## [EXERCISE GOAL]
Reproduce each record exactly, but exclude every picture.

BEGIN SUPPLIED INFORMATION

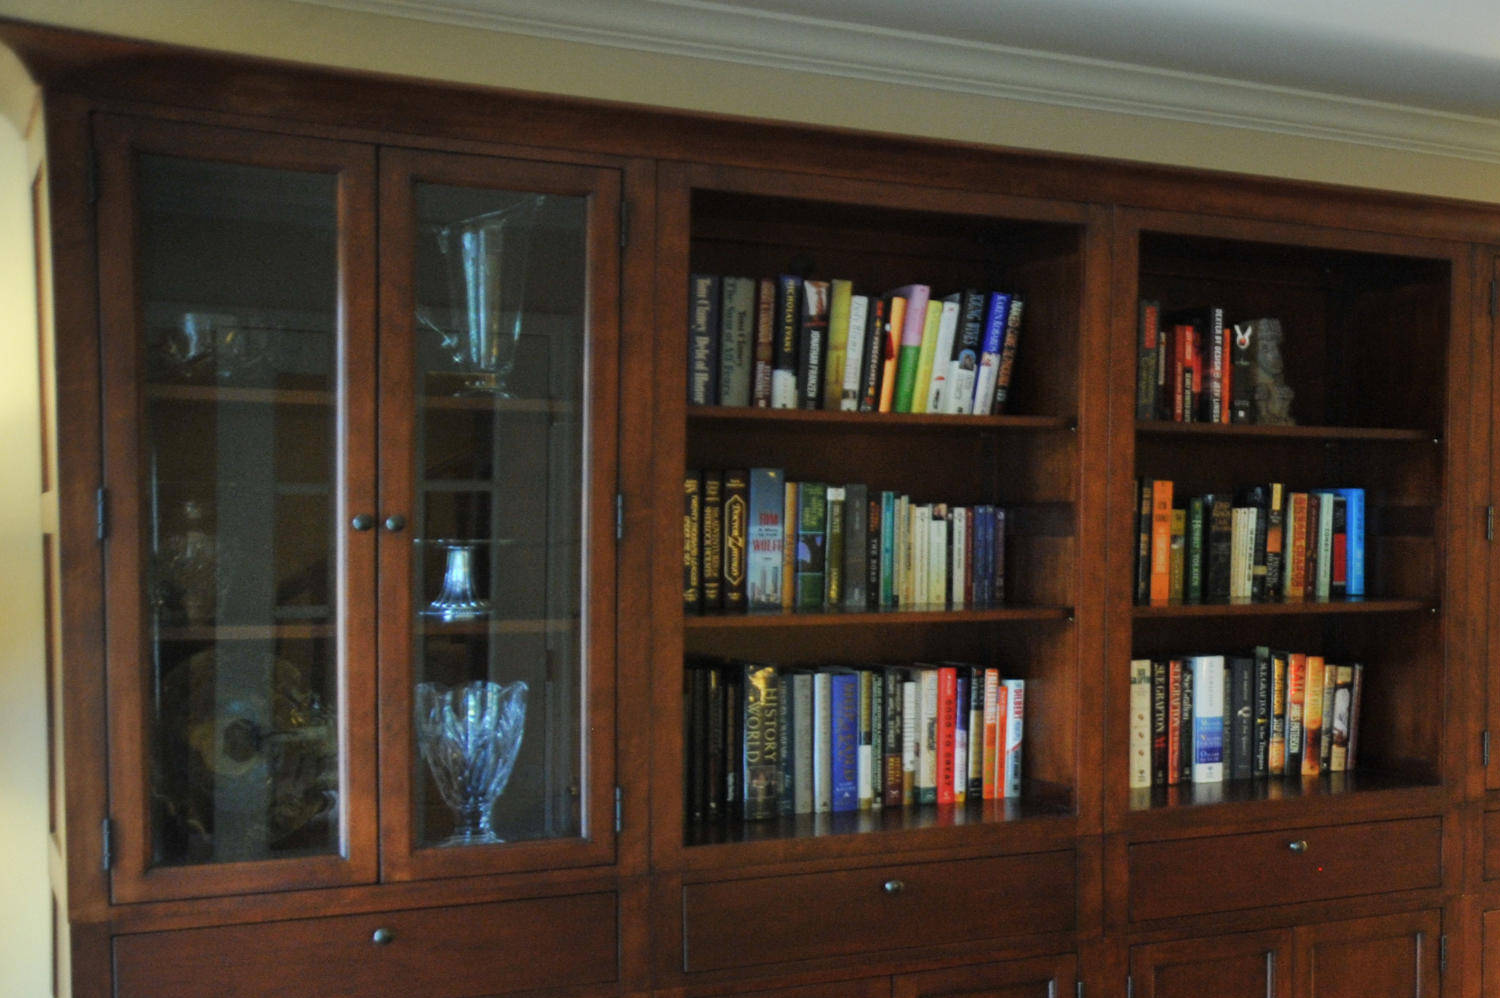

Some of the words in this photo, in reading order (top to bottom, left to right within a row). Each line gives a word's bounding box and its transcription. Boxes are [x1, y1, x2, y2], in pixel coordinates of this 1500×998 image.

[697, 278, 711, 298] Tom
[786, 279, 795, 323] NICHOLAS
[692, 300, 710, 331] Clancy
[994, 295, 1008, 319] KAREN
[695, 336, 710, 359] Debt
[784, 326, 792, 352] EVANS
[809, 330, 820, 364] JONATHAN
[1215, 336, 1222, 344] BY
[695, 361, 708, 370] of
[695, 373, 708, 404] Honor
[808, 366, 819, 398] FRANZEN
[1155, 663, 1165, 684] SUE
[1294, 664, 1304, 694] SAIL
[1014, 689, 1023, 720] DILBERT
[1155, 685, 1166, 732] GRAFTON
[1172, 683, 1180, 727] GRAFTON
[747, 702, 760, 763] WORLD
[764, 688, 777, 761] HISTORY
[945, 734, 952, 746] TO
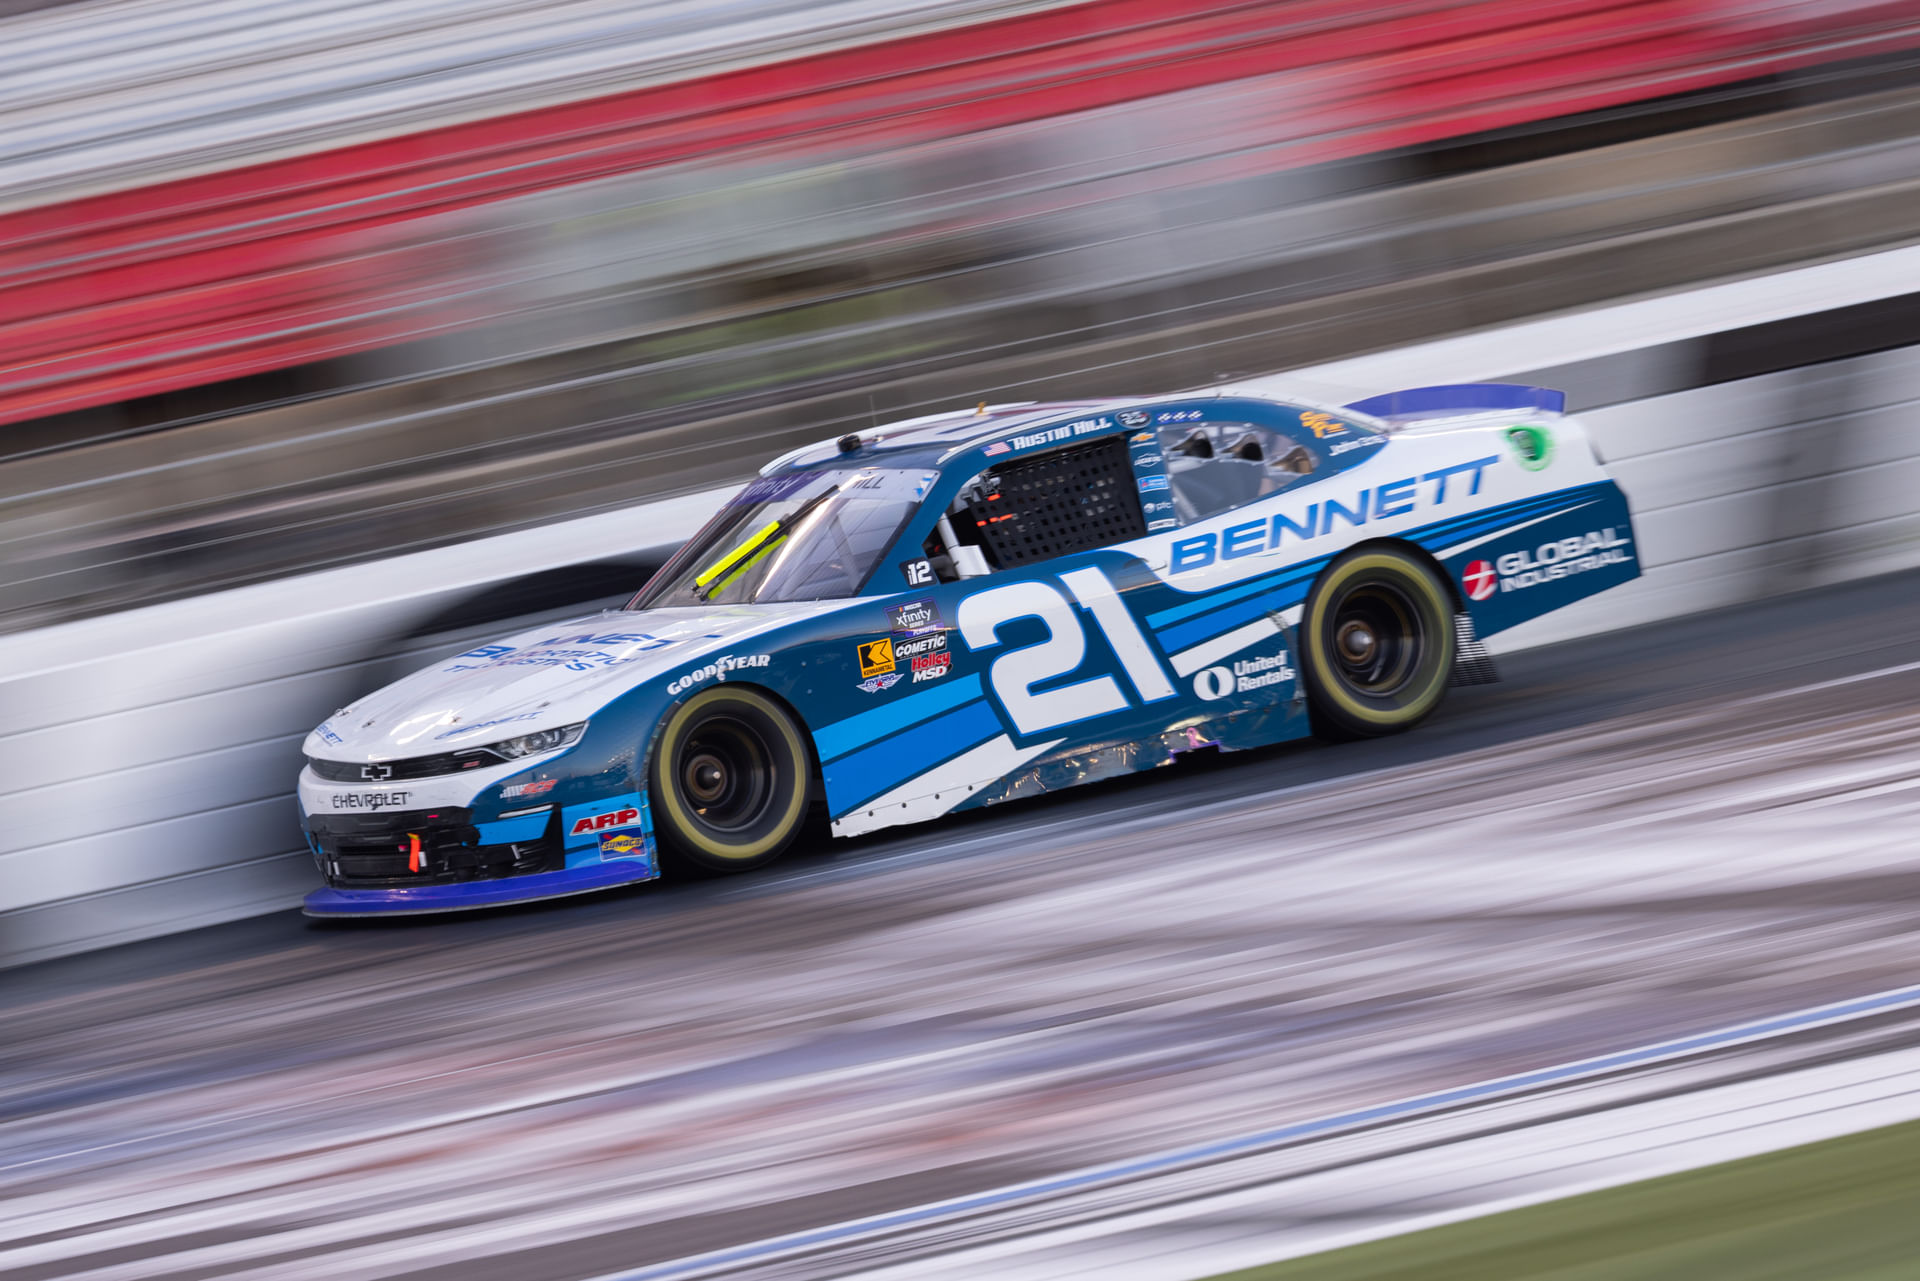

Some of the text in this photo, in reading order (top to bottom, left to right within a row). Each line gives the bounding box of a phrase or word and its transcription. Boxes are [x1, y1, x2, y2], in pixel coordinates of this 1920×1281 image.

END SUPPLIED INFORMATION

## [RESPONSE TO THIS TASK]
Some of the words in this photo, in reading order (top to bottom, left to right within a row). Each line gives a word's bounding box and its transcription. Boxes are [x1, y1, x2, y2], in pixel coordinates of this 1500×998 image.

[697, 278, 711, 298] Tom
[786, 279, 795, 323] NICHOLAS
[692, 300, 710, 331] Clancy
[994, 295, 1008, 319] KAREN
[695, 336, 710, 359] Debt
[784, 326, 792, 352] EVANS
[809, 330, 820, 364] JONATHAN
[1215, 336, 1222, 344] BY
[695, 361, 708, 370] of
[695, 373, 708, 404] Honor
[808, 366, 819, 398] FRANZEN
[1155, 663, 1165, 684] SUE
[1294, 664, 1304, 694] SAIL
[1014, 689, 1023, 720] DILBERT
[1155, 685, 1166, 732] GRAFTON
[1172, 683, 1180, 727] GRAFTON
[747, 702, 760, 763] WORLD
[764, 688, 777, 761] HISTORY
[945, 734, 952, 746] TO

Some of the text in this photo, in reading order (top to bottom, left to right within a row). Each line gives the bounding box of a phrase or word and its transcription. Boxes are [x1, y1, x2, y2], in pixel coordinates of this 1920×1281 image.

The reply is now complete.